When’s the best time to plan for retirement? Now, say young investors who tend to seek retirement advice more than help with any other financial issue.
Young investors appear to appreciate the importance retirement planning and are more likely to seek retirement advice than help with any other financial issue, according to a recent Millionaire Corner study of Main Street Americans.
“The economic downturn has had a profound effect on the financial behaviors of young investors,” said Catherine McBreen, President of Millionaire Corner. “Young Main Street adults are worried about their level of household debt, inability to save and retirement security, and these worries are driving them to seek retirement advice above all other forms of financial advice.”

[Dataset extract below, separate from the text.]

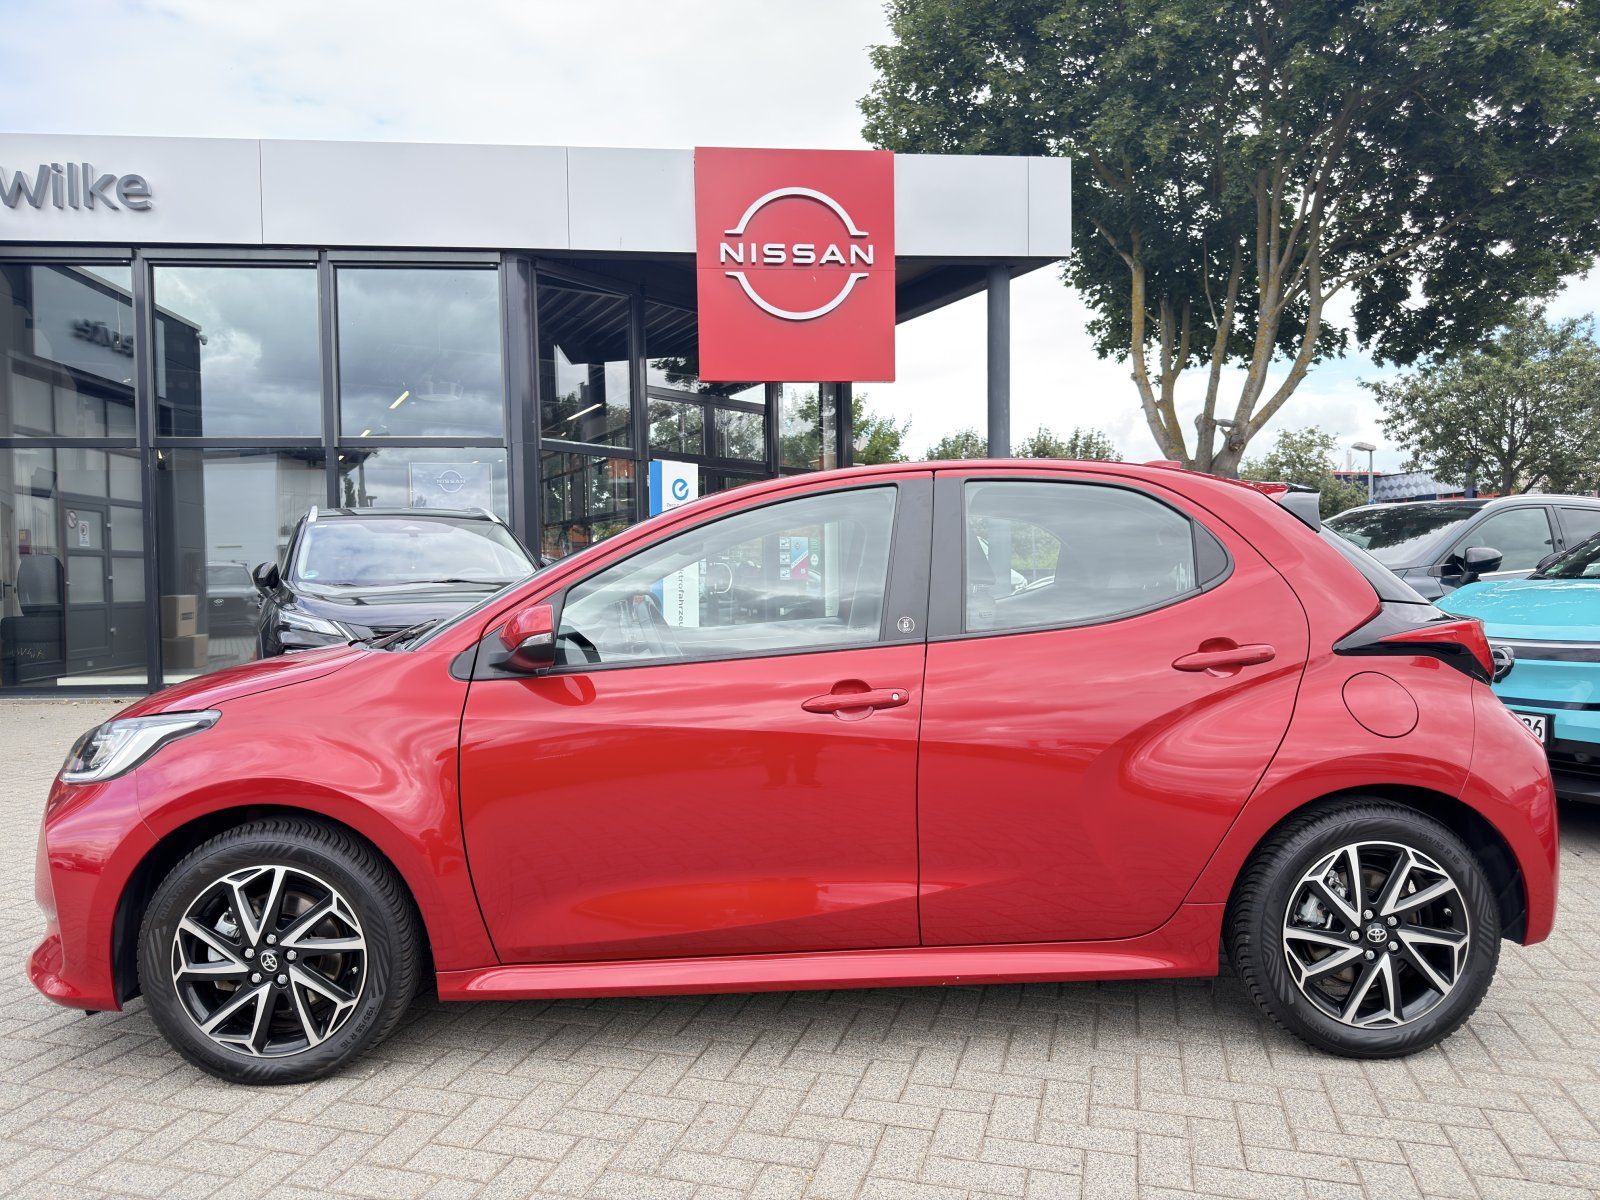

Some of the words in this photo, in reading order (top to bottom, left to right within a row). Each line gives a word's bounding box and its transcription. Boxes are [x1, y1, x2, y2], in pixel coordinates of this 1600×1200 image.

[719, 242, 874, 265] NISSAN
[355, 1006, 376, 1033] 195/55
[349, 1032, 358, 1041] R

The young investors, those ages 44 and younger, represent members of generation X and Y and come from households with investable assets of $100,000 up to $1 million. They express a high level of concern about financial security in their golden years, and this worry likely explains their focus on retirement advice.

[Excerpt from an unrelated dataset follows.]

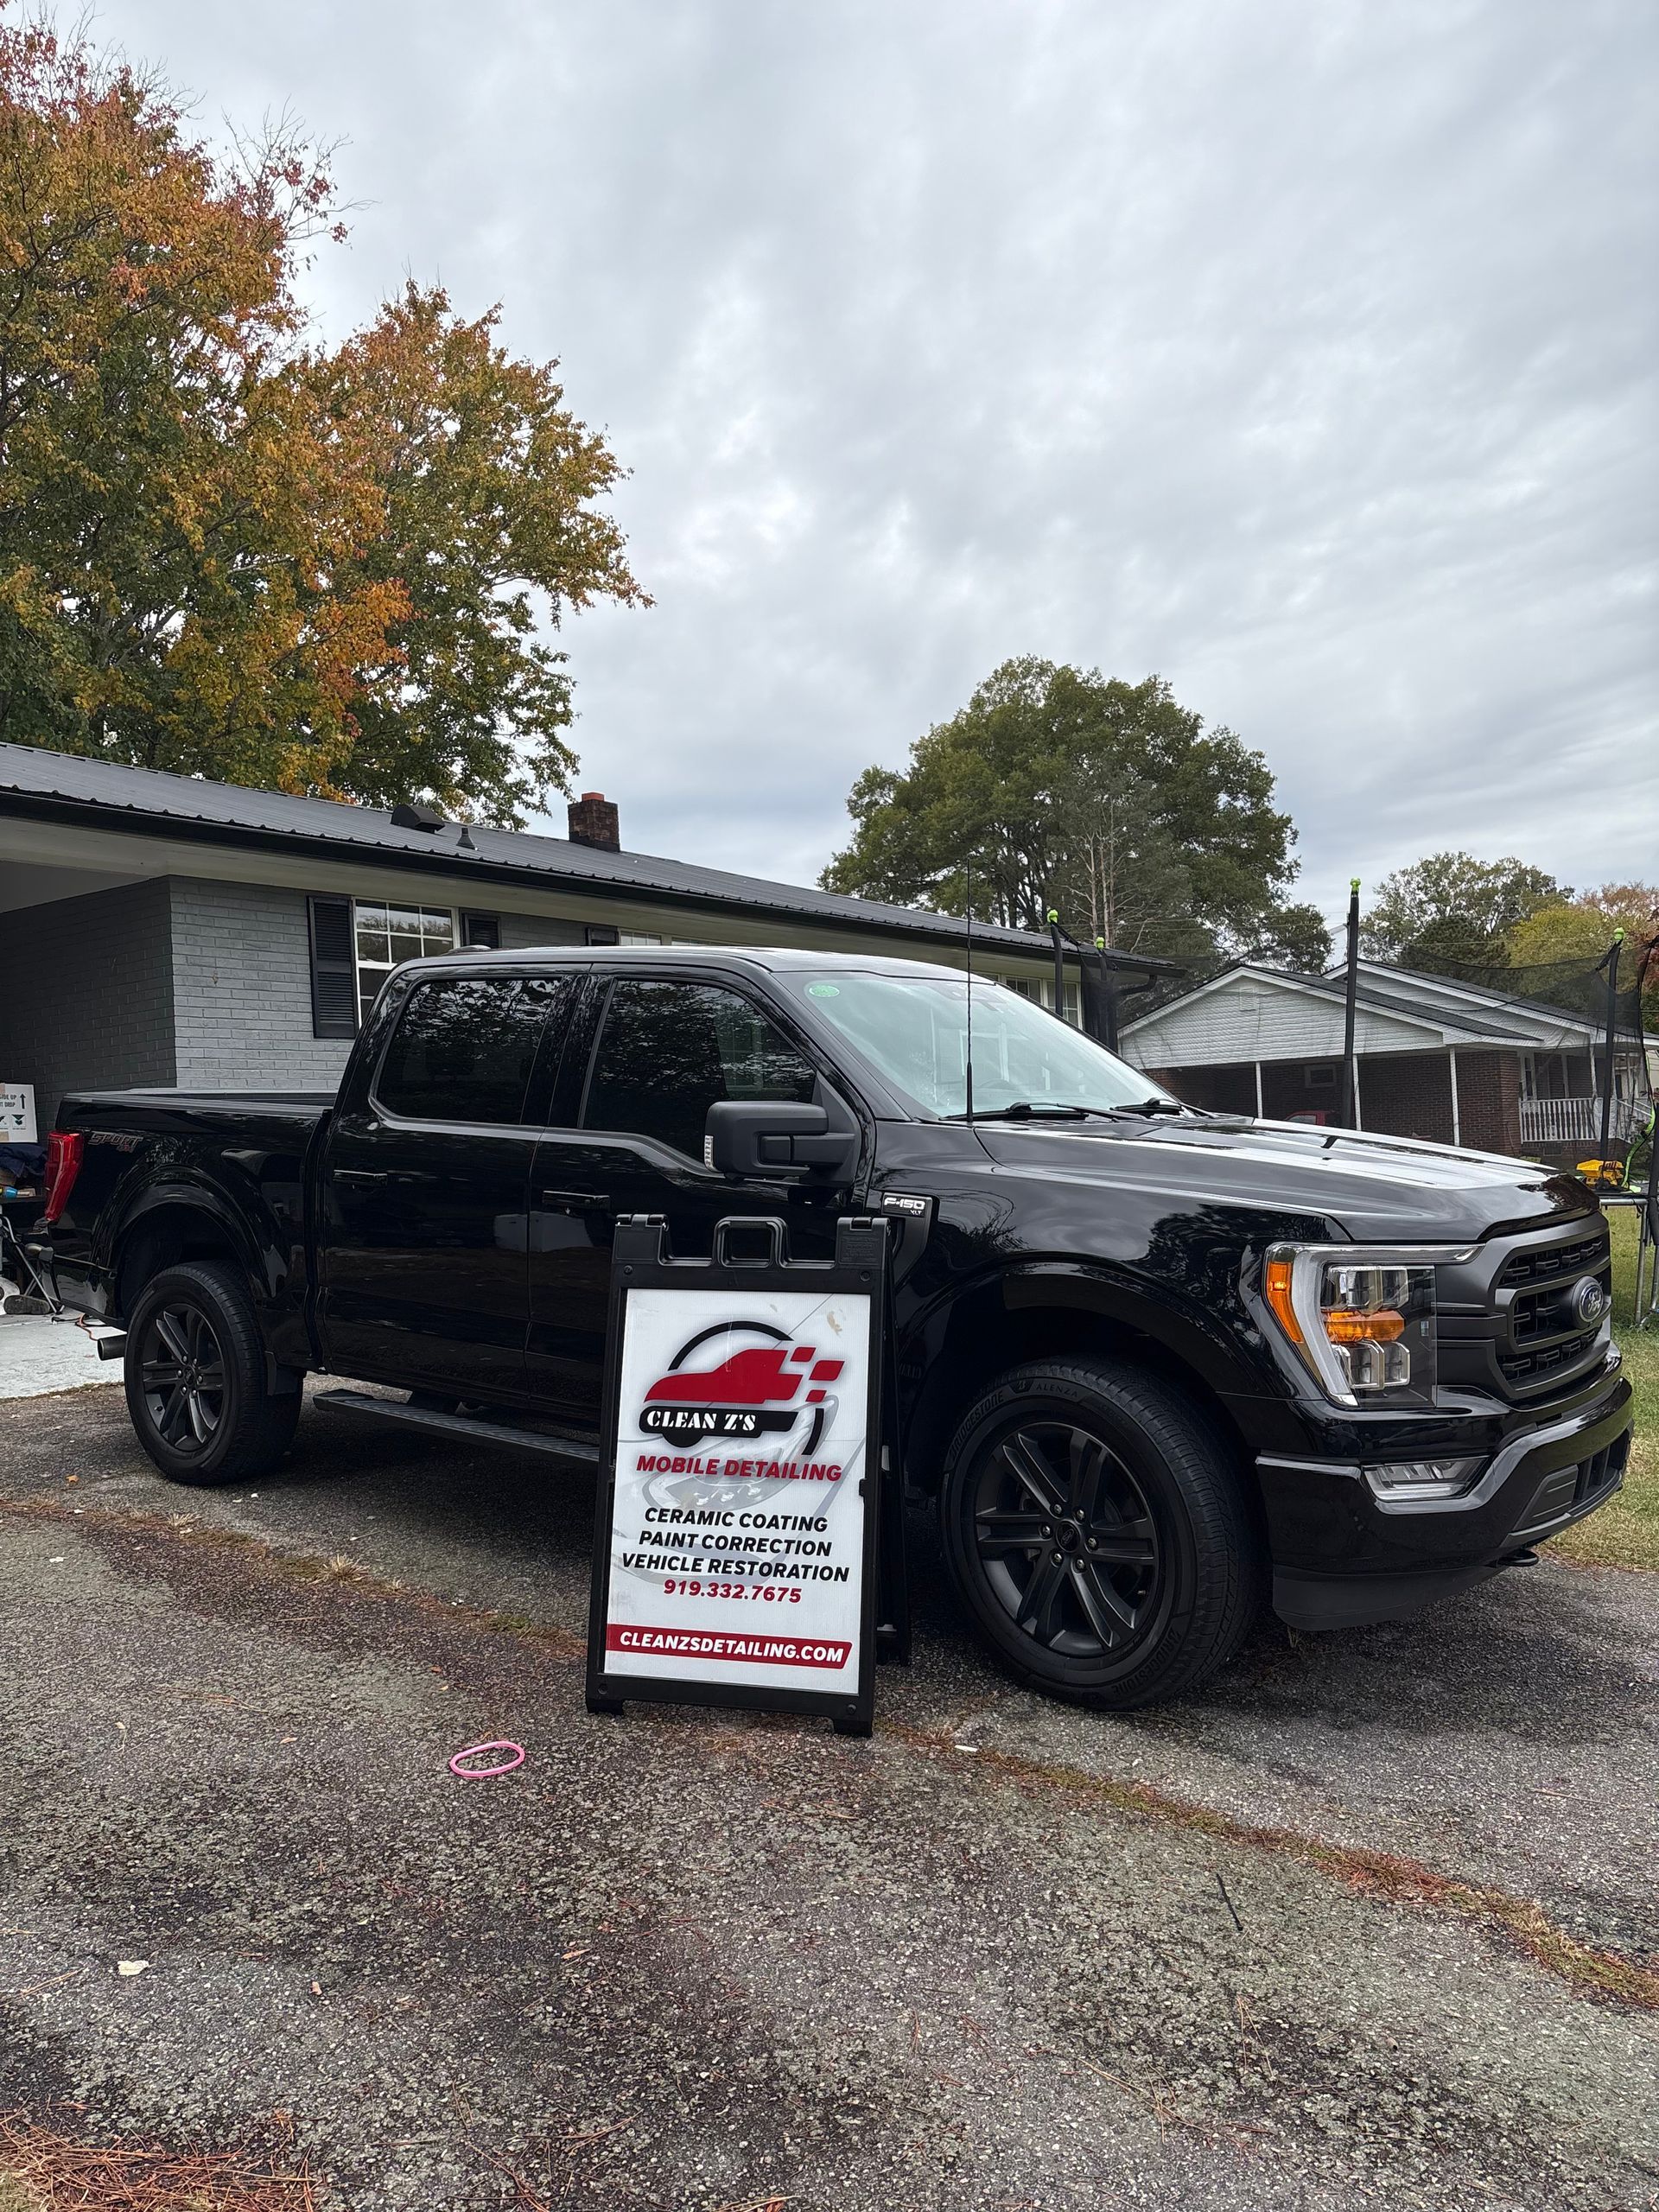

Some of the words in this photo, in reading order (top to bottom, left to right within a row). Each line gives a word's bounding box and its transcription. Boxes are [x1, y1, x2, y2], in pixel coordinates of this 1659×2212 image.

More than two-thirds (67 percent) of these young investors say they are concerned about having enough money set aside for retirement, ranking retirement security as their most pressing concern, and nearly 60 percent say they worry about being able to retire when they want to, according to our first-quarter research on investors’ attitudes and behaviors. The study also found that young Main Street investors are equally worried about paying college costs for their children and rate “maintaining my current financial position” as another significant concern.
How do these concerns translate into action? According to our third-quarter study on advisor relationships, young Main Street Americans are making retirement planning a top priority. More than one-third (36 percent) of young investors say their have received advice on retirement planning from their primary advisor. Another 12 percent have received retirement advice from other professionals, and 30 percent plan to seek the advice in the future.
Young investors are less likely to work with their primary advisor on selecting individual stocks and bonds (32 percent), creating an investment plan (30 percent), diversifying their portfolio (28 percent), creating a written financial plan, developing tax-advantaged strategies (21 percent) or alternative investment strategies (15 percent). For now, at least, the need for retirement advice is dominant.